September 6, 2003

WHICH SIDE OF THE GRAND UNIFIED THEORY DO YOU COME DOWN ON?:

What If We'd Never Gone To War With Iraq? (Jonathan Freedland, September 5, 2003, Daily Mirror/UK)

Start at the obvious place: Iraq itself.

That statue of Saddam Hussein in central Baghdad's Paradise Square would still be standing, as tall and imposing as ever - and no one would know that, on the inside, it was completely hollow.

The people of Iraq would still be living under Saddam's murderous tyranny.

Those who dared to speak out would lose their tongues, if not their lives.

But the electricity would still be working, and so would the running water and sewers.

There would be no freedom, no marches in the street, no rallies at the mosques. But there would be order.

Those who kept their heads down and their mouths shut could at least count on life's basic services.

The country would be under dictatorship, but not anarchy.


It really is just that simple--secure dictatorship or disorderly freedom. And neither side, the Left which favors the former, and the Right, which favors the latter, should ever underestimate the attraction of the other side's vision to about half of the population.

Posted by Orrin Judd at September 6, 2003 9:22 AM
Comments

Here is the difference between the two. Disorderly freedom has a pretty good chance of leading to ordered freedom (remember Iraq was liberated in April, I still have tomato plants in my garden old than that!). Secured dictatorships, especially those like Saddam's, have a tendency to remain secure dictatorships. Libya just celebrated it 34 year under the little col.'s rule. In addition, Saddam was no Pinochet, so Chile was no model for Saddam.

Posted by: pchuck at September 6, 2003 9:40 AM

Yes! But more than 10 thousand Frenchmen would have died anyway in the "Heat of August" (Guns of ....?).
The French would still have gone their own way, spitting on Maastricht! So would Blair still be willing to go for the Euro?
Come on!

Posted by: Barry at September 6, 2003 10:26 AM

About 5 years ago, I had lunch in Beijing with Chinese graduate students who wanted to practice thier English. They claimed America was chaotic and dangerous because there was no order and security. They were hardly radicals, but they were good little socialists. However, the shadow of Tiananmen hung over them.

I think the division between the sides is more a matter of vision and courage than anything else. I have always thought the reason so many on the left whimper (even loudly) for the UN is because they are afraid. Multilateralism is just a cover for shaky knees. That is why the average soldier in Iraq knows more than any of the Democratic candidates, and more than any diplomat.

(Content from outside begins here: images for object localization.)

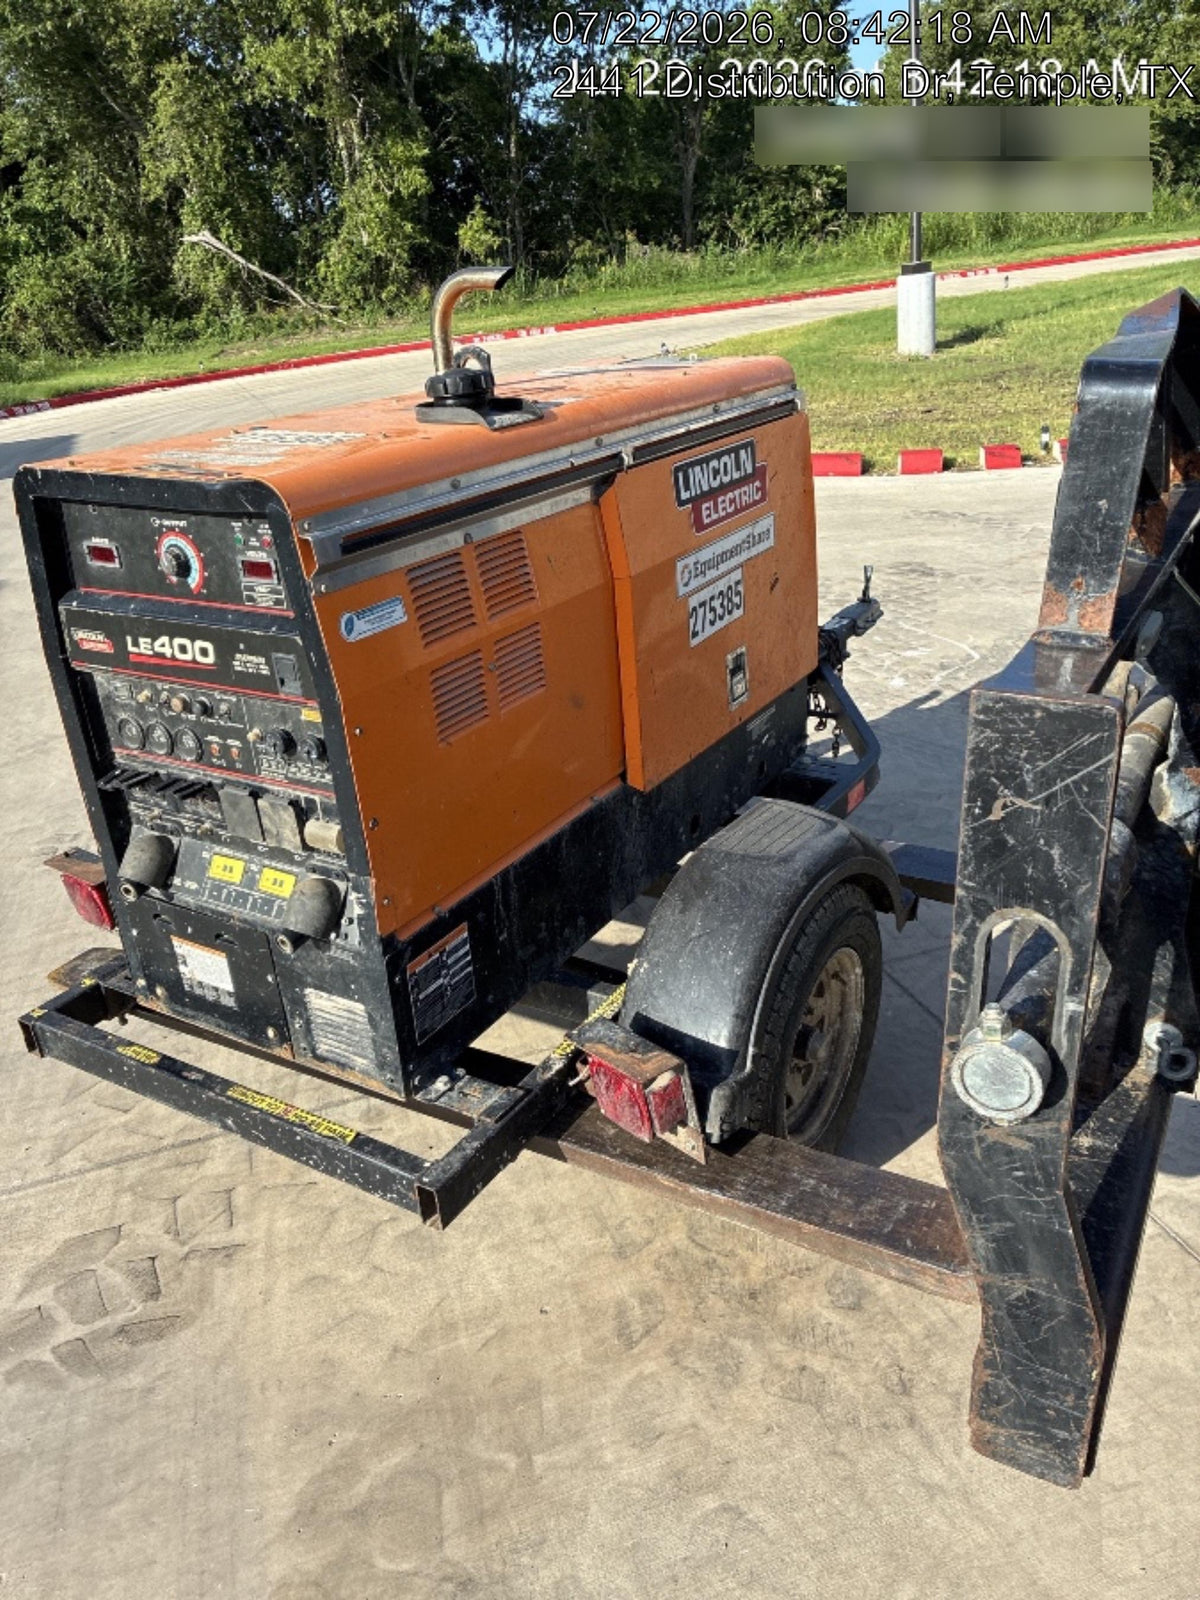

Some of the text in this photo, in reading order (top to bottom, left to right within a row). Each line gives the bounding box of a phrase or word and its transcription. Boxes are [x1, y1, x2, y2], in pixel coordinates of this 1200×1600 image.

[677, 446, 754, 500] LINCOLN
[701, 480, 763, 525] ELECTRIC
[693, 527, 771, 579] EquipmentShare
[689, 579, 742, 641] 275385
[126, 635, 215, 664] LE400

Posted by: jim hamlen at September 6, 2003 11:08 AM

Actually, from reports I heard, the electricity and water and sewage never worked right in the first place-- Saddam used them as a way to reward and punish neighborhoods. And don't forget the third world attitude toward such things, too. (If you've lived in such a "developing" country, as I have, you know what I mean.)

So those outside Iraq who complain about the state of the utilities there are whining because we can't build an working infrastructure in a matter of weeks, something which under normal conditions would take a lot longer, even in peacetime or even at home. (There's a construction project just down the street from me that's taken all summer, that I'm tired of dealing with. Should I blame Bush and the US Army for it not being finished?)

Posted by: Raoul Ortega at September 6, 2003 11:32 AM

Similarly, Mussolini's ability to make the trains run on time was overstated.

Posted by: Bill Woods at September 6, 2003 12:42 PM

No, it is not just that simple. This is a delusional article.

If we had never gone to war with Iraq;

Saddam would still be writing checks to the families of suicide bombers.

Coalition aircraft patrolling the no fly zones would still be fired on every day.

Hundreds of terrorists would still be alive and spread out throughout the world. Many civilians die.

Syria's little terrorist supporting dictator would still be cocky.

Millions of Americans would think that Bush isn't any better than Clinton. Powell's diplomacy would be a farce.

Posted by: Fred Boness at September 6, 2003 12:45 PM

The people responsible for Iraq's murderous dictatorship are the same people responsible for the current attempt to bomb it into anarchy.

The same people who benefitted from billions of Iraqi petrodollars.

Lovers of Iraq, no doubt. They and those that support them.

Posted by: Barry Meislin at September 6, 2003 1:47 PM

Today I saw a car that had two bumperstickers: "KENNEDY" and "START A HOLY WAR: INVADE IRAQ". Finally, I thought, a liberal who gets it.

Posted by: David Cohen at September 6, 2003 3:05 PM

Costs, anyone?

We never hear the costs (dollars-wise) for us had we not intervened. We hear various figures, $4 billion a month, $1 billion a week, et cetera, for the occupation and re-building. But how much did the quarantine of Hussein cost us? The no-fly zones? The costs of maintaining troops in Saudi Arabia? Fleets in the Persian Gulf? Support for our allies? The drain on the local economies as a result of the (admittedly porous) sanctions?

SMG

Posted by: SteveMG at September 6, 2003 4:21 PM

jim:

That's very much the point--people who are insecure in themselves must naturally find regimes that promise security more attractive than those that promise freedom.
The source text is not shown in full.